=== DATA ===

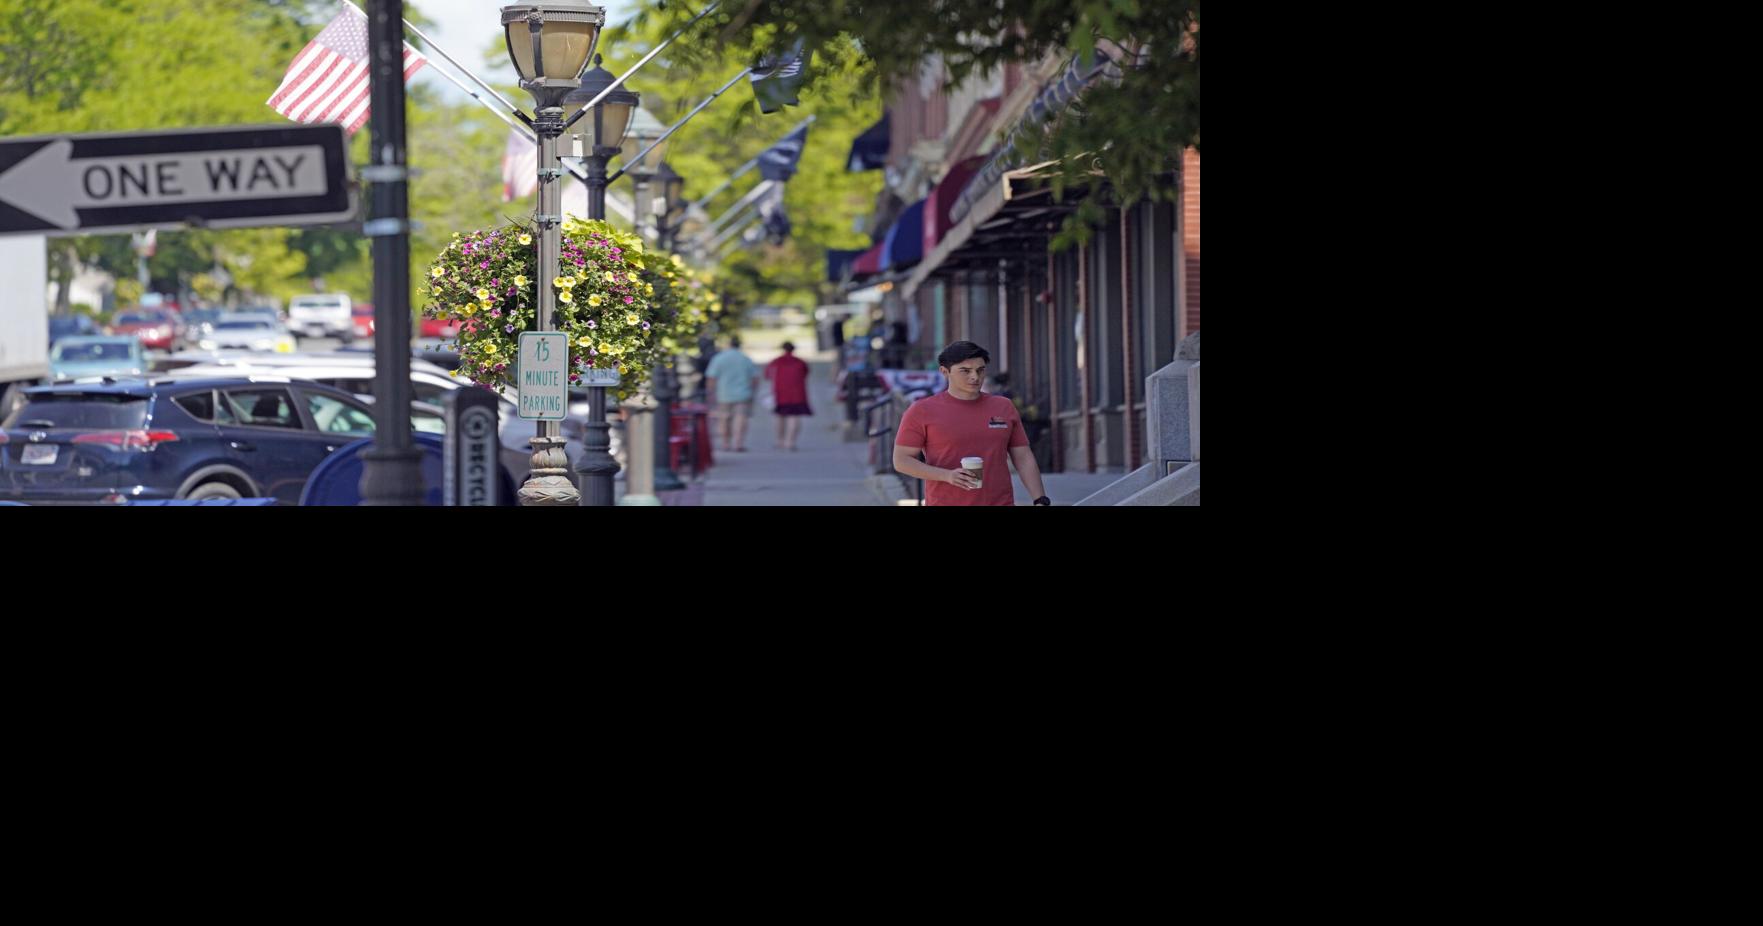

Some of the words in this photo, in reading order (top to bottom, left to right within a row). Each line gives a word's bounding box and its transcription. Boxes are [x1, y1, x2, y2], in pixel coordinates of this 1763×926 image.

[83, 161, 184, 200] ONE
[204, 154, 305, 192] WAY
[536, 341, 550, 362] 15
[525, 371, 559, 386] MINUTE
[523, 396, 560, 412] PARKING

===

ABOUT THIS TASK —
Output the records above exactly as written, but leave out the pictures.

REPLY —
Some of the words in this photo, in reading order (top to bottom, left to right within a row). Each line gives a word's bounding box and its transcription. Boxes are [x1, y1, x2, y2], in pixel coordinates of this 1763×926 image.

[83, 161, 184, 200] ONE
[204, 154, 305, 192] WAY
[536, 341, 550, 362] 15
[525, 371, 559, 386] MINUTE
[523, 396, 560, 412] PARKING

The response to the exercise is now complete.